Scientists to explore the depths of the Atacama Trench
The aim of the expedition is to explore life at 8,000 m water depth and to understand the importance of the trench for regional carbon and nitrogen cycling.
On March 2nd, an international team of researchers, led by Professor Ronnie N. Glud, University of Southern Denmark and Dr. Frank Wenzhöfer, Max-Planck-Institute for Marine Microbiology in Bremen, will embark on a 32 days cruise on the German research vessel Sonne to the Atacama Trench in the Pacific Ocean.
There are 27 deep sea trenches in the world. On his next expedition, Professor Ronnie N. Glud and his fellow scientists will investigate sites in the Atacama Trench off Chile. Depths of the target stations will range between 1,000 – 8,065 m.
Atacama Trench, located off the coasts of Peru and Chile, is one of the deepest ocean trenches in the world and has a maximum depth of 8,065 m. It is almost 6,000 kilometers long.
The cruise is part of Professor Gluds’ larger European Research Council Advanced Research Grant project HADES-ERC, aimed at understanding bio-geo-chemical processes and microbiology at the bottom of deep areas of the oceans.
Microbial communities play an important role for the function of the global ocean and for life in oceans and on land.
The researchers will investigate a number of sites along the trench with an array of remotely operated instruments.
Taking probes of sediment at almost 10.000 m in the Kermadec Trench. From an expedition in December 2017.

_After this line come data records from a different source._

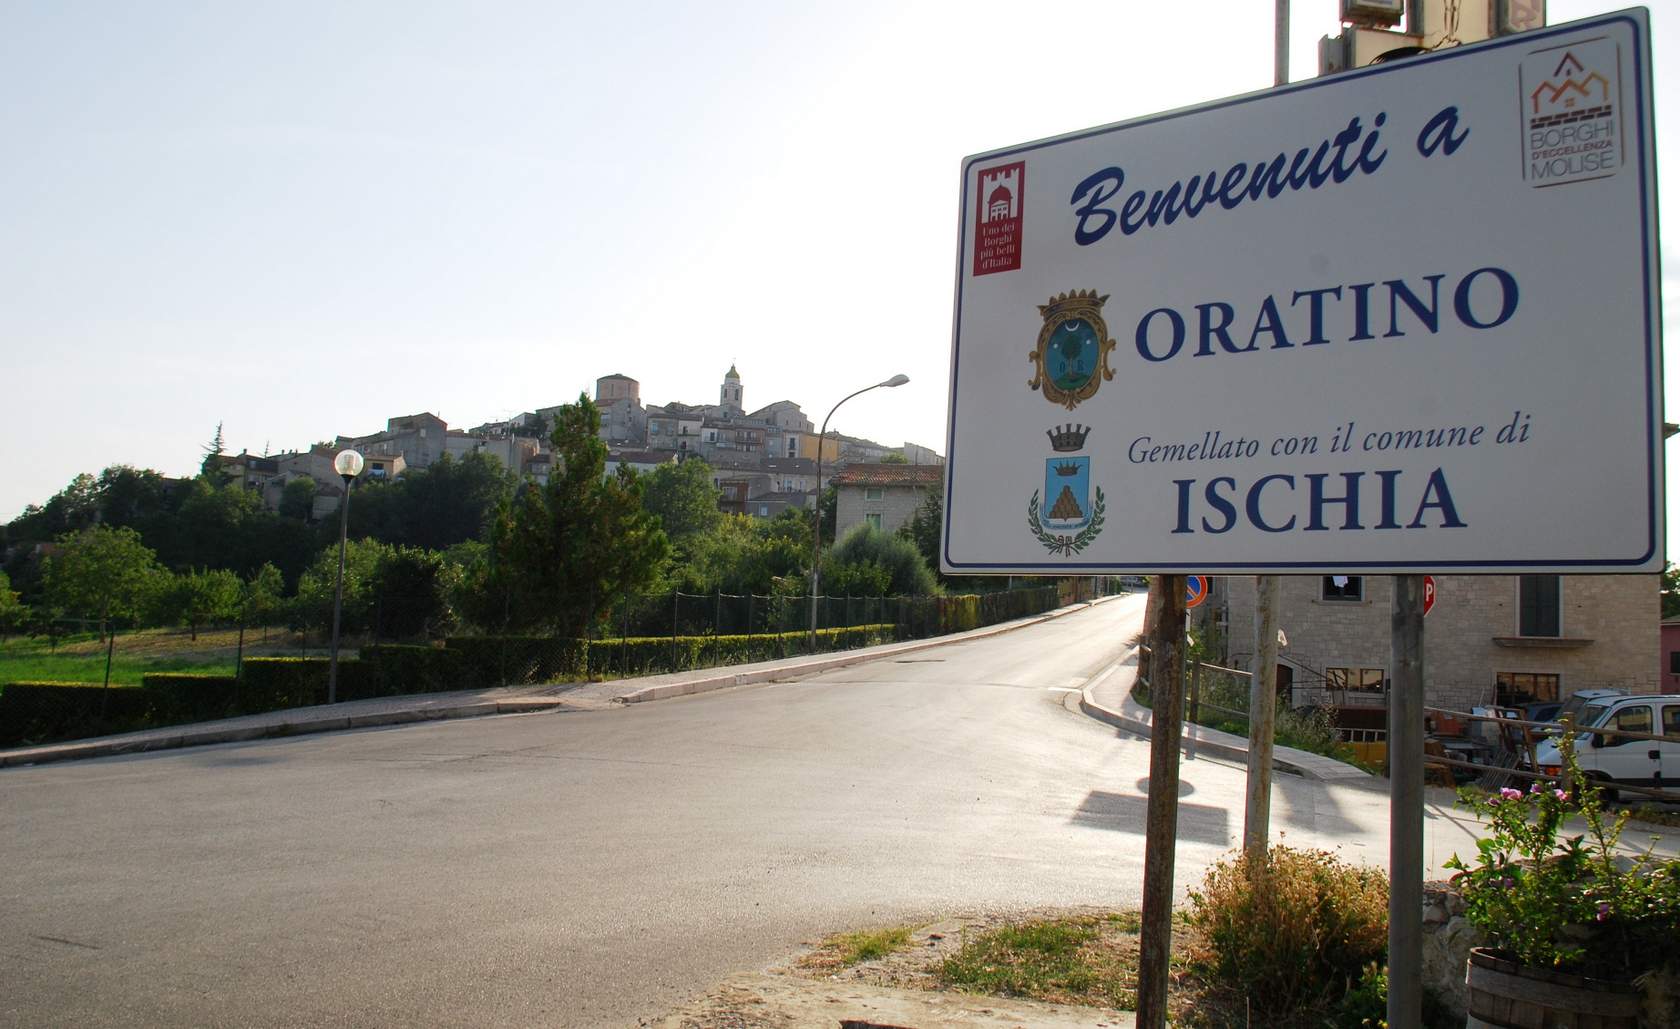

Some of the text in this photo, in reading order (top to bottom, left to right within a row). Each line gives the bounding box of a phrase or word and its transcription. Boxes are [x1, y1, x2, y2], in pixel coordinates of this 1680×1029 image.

[1530, 120, 1614, 150] BORGHI
[1531, 139, 1613, 160] D'ECCELLENZA
[1070, 105, 1470, 246] Benvenuti a
[1531, 151, 1614, 180] MOLISE
[983, 222, 1015, 236] Uno dei
[984, 233, 1012, 247] Borghi
[980, 243, 1015, 261] più belli
[982, 256, 1012, 269] d'Italia
[1135, 267, 1519, 362] ORATINO
[1128, 411, 1531, 464] Gemellato con il comune di
[1171, 467, 1468, 534] ISCHIA
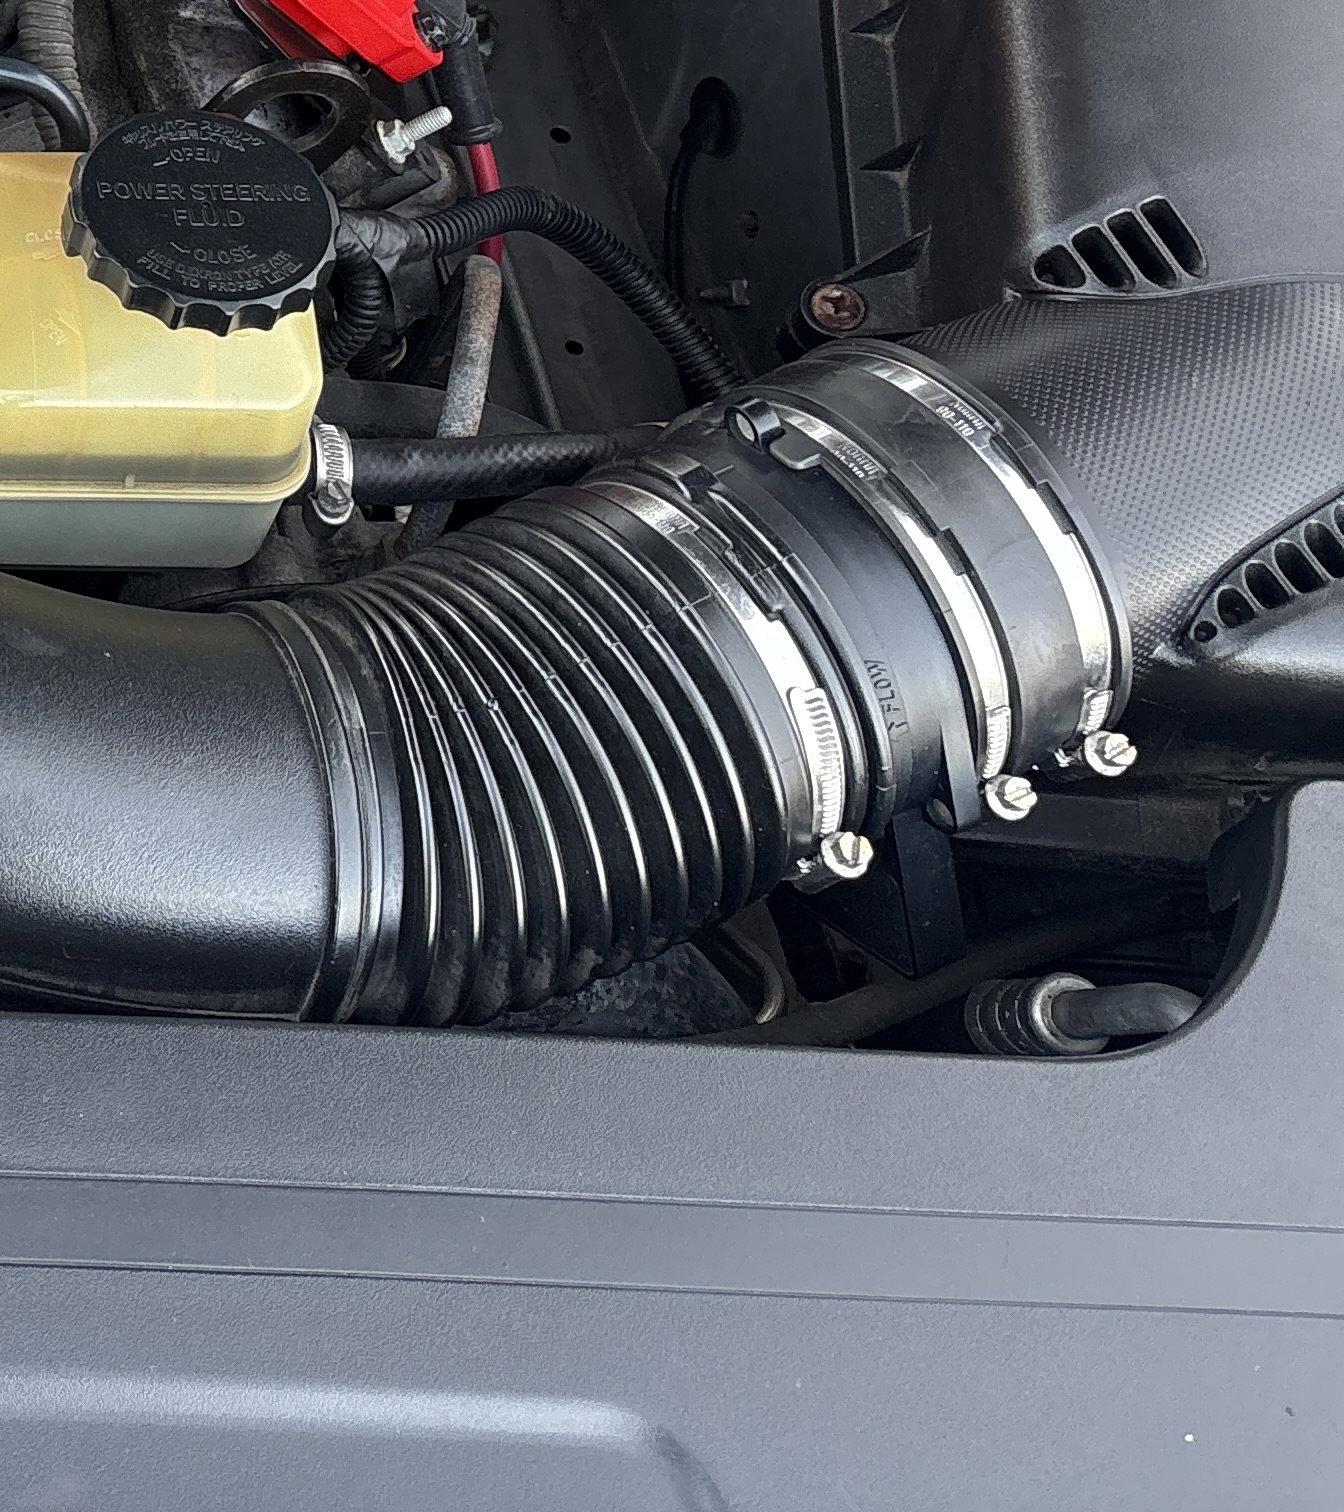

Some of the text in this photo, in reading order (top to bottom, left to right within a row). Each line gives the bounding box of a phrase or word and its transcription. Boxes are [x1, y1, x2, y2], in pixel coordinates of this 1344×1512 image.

[167, 147, 221, 164] OPEN
[96, 180, 311, 203] POWER STEERING
[172, 208, 245, 228] FLUID
[193, 244, 257, 265] CLOSE
[863, 658, 901, 714] FLOW

- The deep oceanic trenches are some of the least explored habitats on Earth and presumably host many unknown life forms. Recent investigations indicate that even though the seabed at these depths is exposed to extreme hydrostatic pressure, the trenches represent areas of intensified biological activity in the deep sea, says project leader Professor Ronnie N. Glud, University of Southern Denmark.
Large deposits of organic material
- Innovative in situ technologies will be used to explore this extreme marine environment usually ignored because of the technological challenges at this great pressure. We will use a variety of autonomous systems (called landers) to investigate microbial processes directly at the seafloor, says Dr. Frank Wenzhöfer, Max Planck Institute for Marine Microbiology.
The Atacama Trench lies under one of the most productive oceans in the world and therefore the researchers expect it to contain large deposits of organic material, funneled down from trench slopes and overlying waters.
German research vessel Sonne will be home and work place for the crew during the voyage to Atacama. Photo: Oliver Zielinski, ICBM.
- We expect that the trench sediment will host significant anaerobic degradation of organic material, which makes it a unique site for investigating processes of nitrogen cycling and sulfate reduction at extreme pressure – processes that are presumably mediated by completely unknown microbial communities, said Professor Glud.
Specific questions addressed during this cruise are
- What are the sedimentary processes providing food for the hadal community in the Atacama Trench?
- How do abundance, diversity and community structure of microorganisms, meio- and macrofauna in the Atacama Trench differ from those in less productive trenches and nearby abyssal and shelf sites?
- What are the general biogeochemical characteristics of the surface and deep sediment and water column in the eutrophic Atacama Trench?
- Which mineralization pathways are responsible for organic matter breakdown in the eutrophic Atacama Trench?
- How efficient are microbial communities operating at extreme hydrostatic pressures in mineralizing organic material as compared to their shallower counterparts? And to what extent do specialized, yet unknown extremophile microbial communities mediate these processes?
Previous and coming expeditions to deep ocean trenches
In 2010, Professor Ronnie N. Glud participated in a Japanese led expedition to the Mariana Trench, retrieving sediments from the deepest spot on Earth, The Challenger Deep at almost 11,000 m depth. He found a surprisingly high microbial activity in the hostile high-pressure environment (pressure is almost 1,100 times higher than at sea level). He has since participated in several cruises to hadal trench systems.
Professor Bo Thamdrup and Scientific Staff Anni Glud, SDU, working with samples, collected from Kermadec Trench in December 2018. Photo: Ronnie Glud.
In 2017, Professor Ronnie N. Glud led an expedition to Kermadec Trench, retrieving sediments from 9,994 m and exploring conditions in a trench characterized by a relatively low input of organic material.
Apart from the upcoming expedition to Atacama Trench, he will also investigate the Japan Trench.